Since 2014, UN Women has played a significant role in convening diverse stakeholders to respond to and localize the emerging and new global paradigms on women’s unpaid work, with a special focus on Goal 5 of the Sustainable Development Goals (SDGs). A loose alliance called the Collective on Women’s Unpaid Work was formed to support the development of a common roadmap for policy and action, which included the recognition, reduction and redistribution of women’s unpaid work across subsistence livelihoods, labour markets and care. For the report of the Collectives’ national workshop.

As part of the roadmap, it was proposed that a study be undertaken to (a) document the paid and unpaid continuum of women’s work and (b) to identify policy gaps therein. To start implementing this roadmap, UN Women partnered with ActionAid India Association, to generate evidence on the continuum of women’s paid-unpaid work in the specific context of construction and agriculture workers, combined with building capacities of grassroots women’s collectives and gender equality activists to take up the ensuing recommendations for policy advocacy; with a focus on addressing women’s work in sectors such as energy, water and care.
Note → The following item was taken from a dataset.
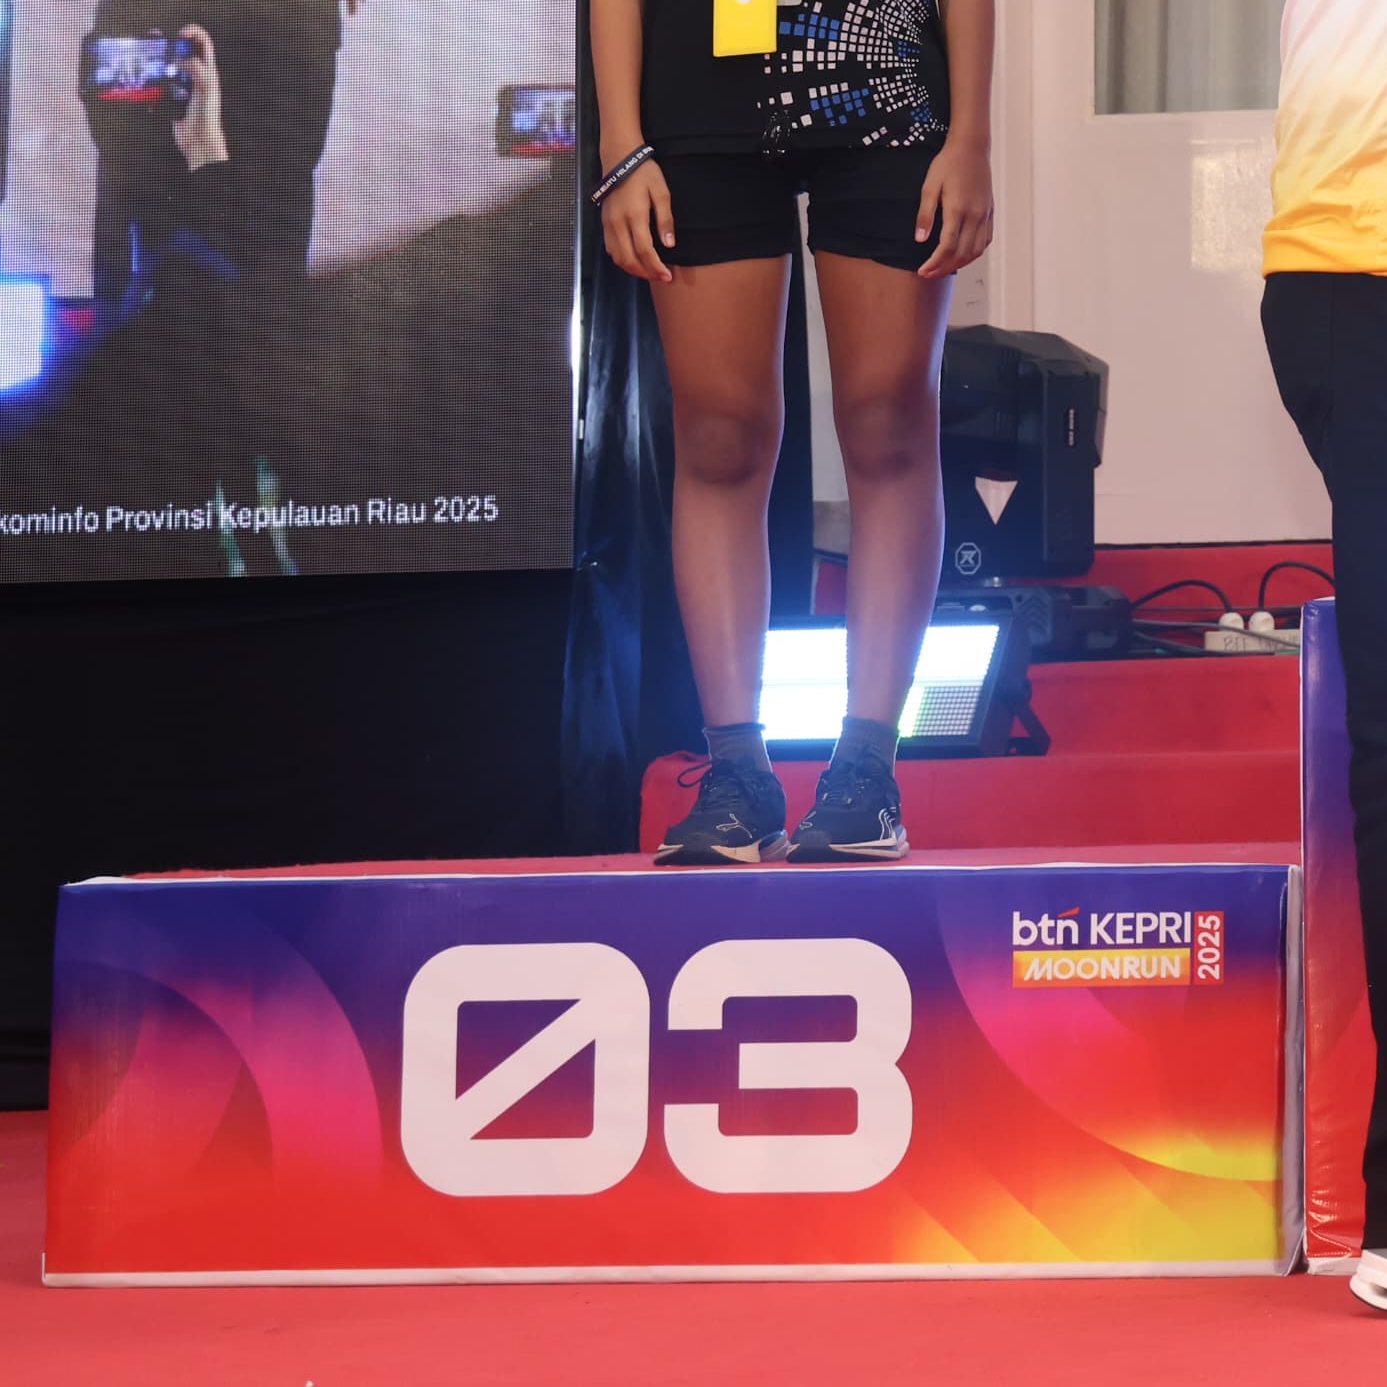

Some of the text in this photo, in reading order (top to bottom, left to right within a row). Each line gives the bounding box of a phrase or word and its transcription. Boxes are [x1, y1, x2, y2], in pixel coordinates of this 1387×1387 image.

Specific findings from the study indicate the need for conceptual and methodological refinement of measuring ‘work’, both paid and unpaid – especially in context of multiplicity, intensity, drudgery and simultaneity of women’s work. At the same time it highlights key policy recommendations, including need for macroeconomic analysis, and identifying fiscal policy gaps in addressing women’s unpaid work. Read the full report and the policy brief from this study.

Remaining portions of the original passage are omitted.